At 5 p.m., after the CBS News Radio bell for the top of the hour newscast, WCKG became "Fresh 105.9" with a modern-based adult contemporary format that originally focused on soft rock songs from the 1990s to current product (with some select 80s songs). The first song played was "Beautiful Day" by U2. The station shared its branding with co-owned WWFS in New York City. The station's call sign was changed to WCFS-FM, for "Chicago's Fresh", on November 26, 2007.

On February 25, 2008, morning personality Mike LeBaron and midday personality Lisa Greene signed on as the first DJ's on Chicago's "Fresh 105.9". In April 2008, Program Director Mike Peterson named Rick Hall as afternoon host.
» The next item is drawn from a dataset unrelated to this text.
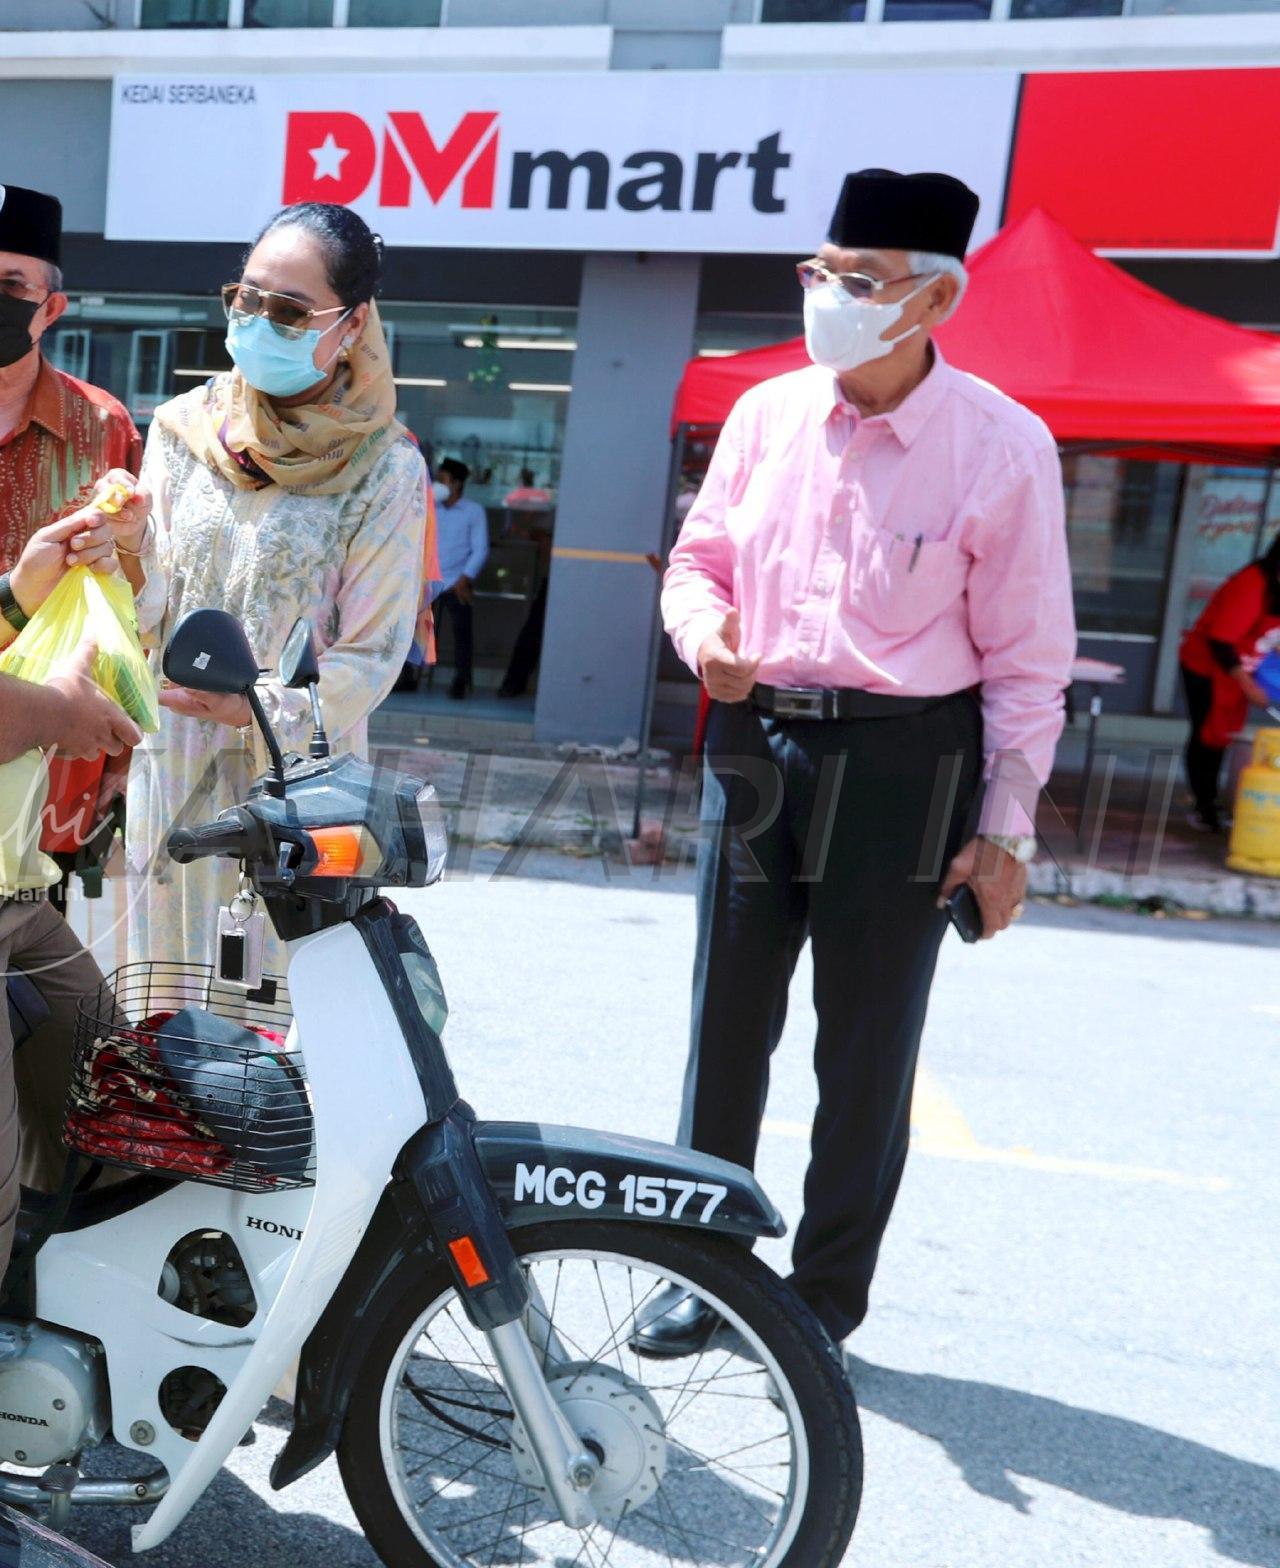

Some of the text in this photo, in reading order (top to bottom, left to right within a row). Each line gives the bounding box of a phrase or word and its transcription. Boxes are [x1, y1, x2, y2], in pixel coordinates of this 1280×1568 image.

On October 6, 2009, Roxanne Steele began hosting afternoons on WCFS. Rick Hall moved to mornings on a temporary basis after Mike LeBaron left the station.

In November 2009, Steve Fisher debuted as the new morning host on WCFS. Upon Fisher's arrival, Rick Hall was moved to middays. However, in June 2010, new program director Jim Ryan told reporters that Hall had been released. Evening host Brooke Hunter was moved to middays.
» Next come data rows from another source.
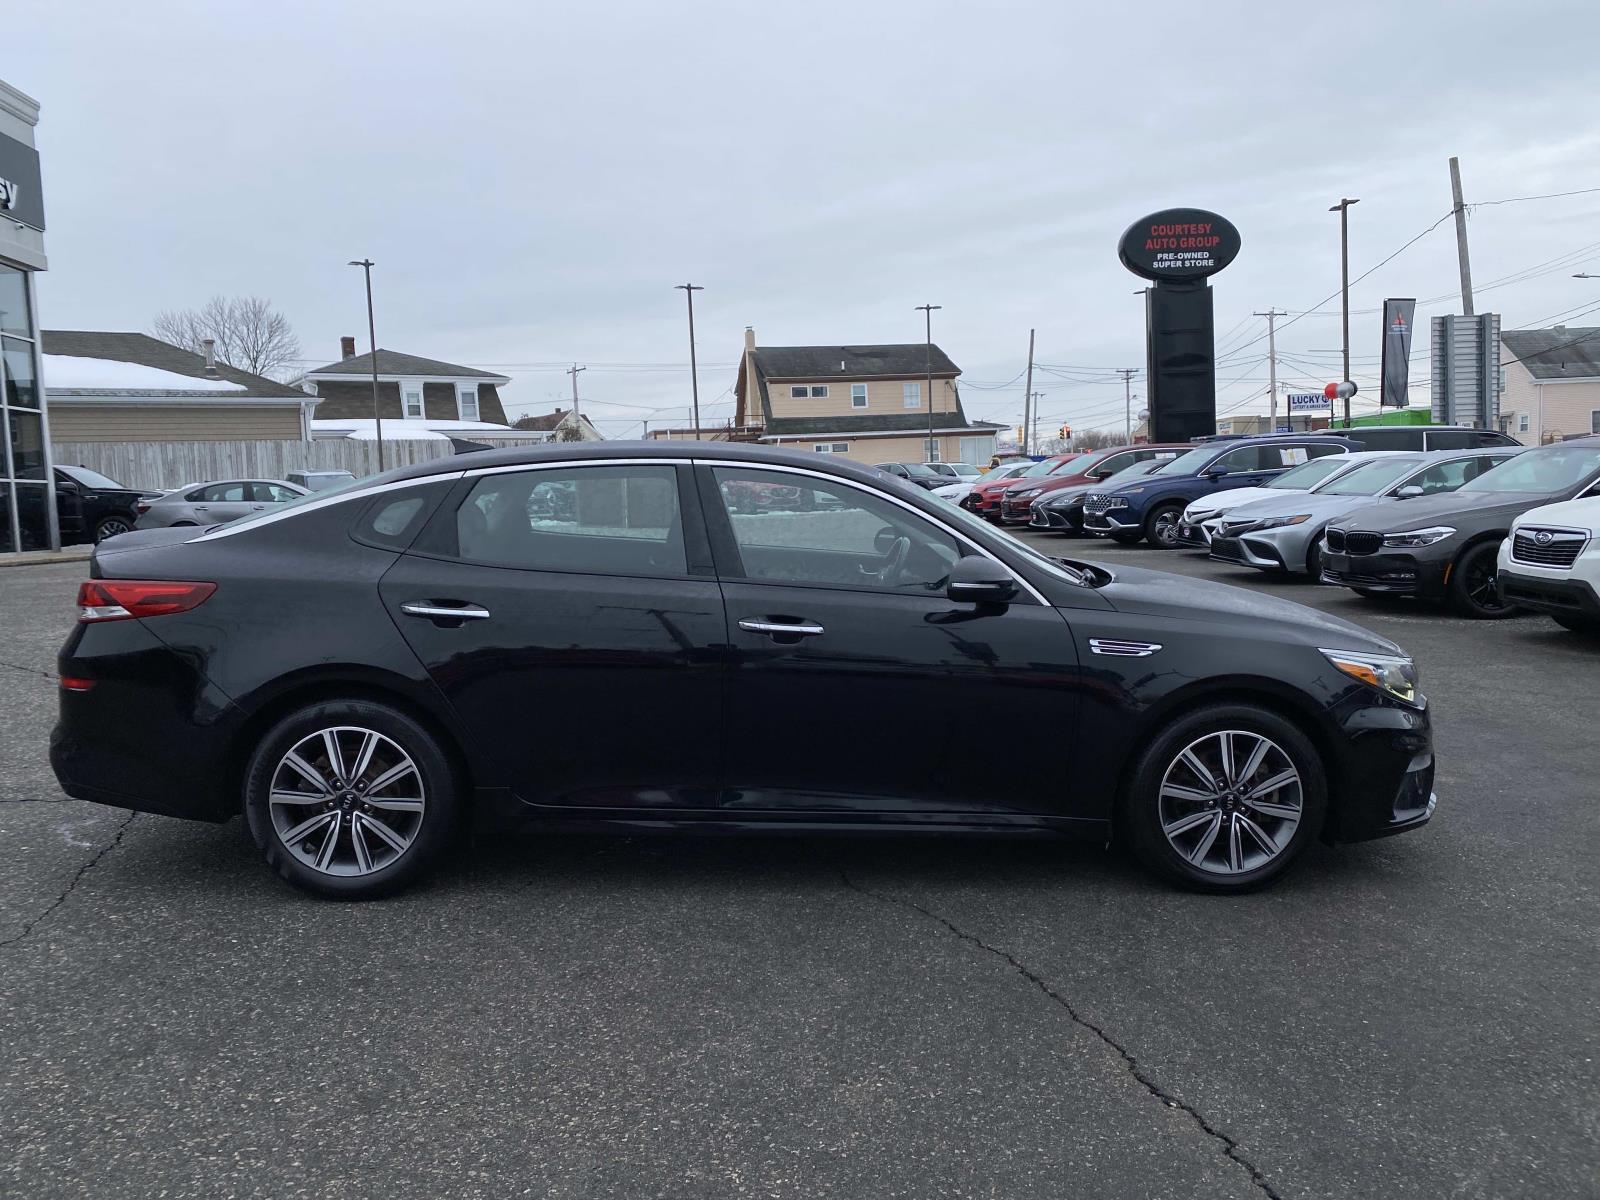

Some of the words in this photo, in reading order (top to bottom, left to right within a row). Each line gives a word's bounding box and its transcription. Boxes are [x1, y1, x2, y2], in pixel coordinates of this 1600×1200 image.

[1151, 224, 1211, 235] COURTESY
[1145, 239, 1176, 249] AUTO
[1180, 237, 1220, 248] GROUP
[1157, 252, 1209, 260] PRE-OWNED
[1292, 395, 1320, 404] LUCKY
On March 30, 2010, it was announced that Bill Gamble left CBS Radio Chicago, where he was Program Director of WCFS-FM and WUSN.

===WBBM simulcast===
On the morning of August 1, 2011, WCFS began redirecting listeners to sister stations 96.3 WBBM-FM and 99.5 WUSN. It played an hour and a half of "end"-themed songs, concluding with "End of the Road" by Boyz II Men and the first six seconds of "Don't You (Forget About Me)" by Simple Minds. Then at 8:10 a.m., WCFS replaced the "Fresh" AC format with an FM simulcast of co-owned all-news station 780 WBBM. Until that date, WBBM had been carried on WCFS-HD2, effectively (besides the loss of WCFS's physical staff) making the move merely a swap of the formats for the HD1 and HD2 subchannels.

The format change was seen as a counter to WBBM's new competitor, 101.1 WWWN, which switched to an all-news format on July 31, 2011, one day before WCFS's switch. The "Fresh" AC format was moved to WCFS-HD2 on August 1, rebranding as "The New Sound of Fresh 105.9 HD2".
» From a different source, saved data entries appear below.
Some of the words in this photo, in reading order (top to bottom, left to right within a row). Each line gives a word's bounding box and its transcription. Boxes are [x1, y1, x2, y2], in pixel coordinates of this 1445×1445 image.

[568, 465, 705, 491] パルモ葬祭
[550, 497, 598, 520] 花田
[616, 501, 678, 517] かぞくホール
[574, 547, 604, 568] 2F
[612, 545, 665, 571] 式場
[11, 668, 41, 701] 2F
The move left 93.9 WLIT-FM as the only adult contemporary radio station at the time in Chicago. The switch also gave the NFL's Chicago Bears an FM outlet. The "FM News" format on WWWN, which later became WIQI, failed in the market and was replaced by a 90's-centric adult hits format on July 17, 2012.

Though WCFS uses WBBM's on-air branding ("NewsRadio 780 and 105.9 FM, WBBM"), its official call sign remains WCFS, call letters only mentioned once per hour. Arbitron's use of the Portable People Meter for Chicago radio ratings does not need call letter verification to give credit for listening to 105.9 FM. WBBM thus identifies both signals in a rushed form of station identification at :56 past the hour as "WBBM Chicago, WCFS-FM-HD1 Elmwood Park-Chicago".

The two stations have simulcast continuously since August 1, 2011, with one exception. During the 2015 baseball season, WBBM carried Chicago Cubs baseball exclusively over the AM 780 frequency during the 2015 season, while WCFS-FM 105.9 continued to carry the all-news format on its own during Cubs broadcasts. Starting with the 2016 season, the Cubs moved to co-owned 670 WSCR. WBBM and WCFS returned to a full-time simulcast at the end of the 2015 season.

On February 2, 2017, CBS Radio announced it would merge with Entercom. The merger was approved on November 9, 2017, and was consummated on November 17.

==HD Radio==
WCFS-FM broadcasts in the HD Radio format. The HD2 subchannel carries a sports gambling format, branded as "The Bet".

The station's HD2 subchannel debuted in January 2006, and simulcast the all-news format of WBBM AM 780. After WBBM began simulcasting on the analog/HD1 in 2011, the HD2 subchannel continued to carry an automated version of WCFS's former AC format (which gradually shifted to Hot AC) as "Fresh 105.9", leading to one of the few situations where the station's callsign meaning referred instead to an HD Radio subchannel. In February 2019, the "Fresh" format was replaced with an electronic dance music format, branded as "Energy". This format had aired on co-owned 96.3 WBBM-FM-HD2 as "B96 Dance" from 2006 until February 2019, when it was replaced with "Channel Q".

On March 19, 2021, WCFS-HD2 switched to carrying a new national format covering legalized sports gaming, branded as "The Bet".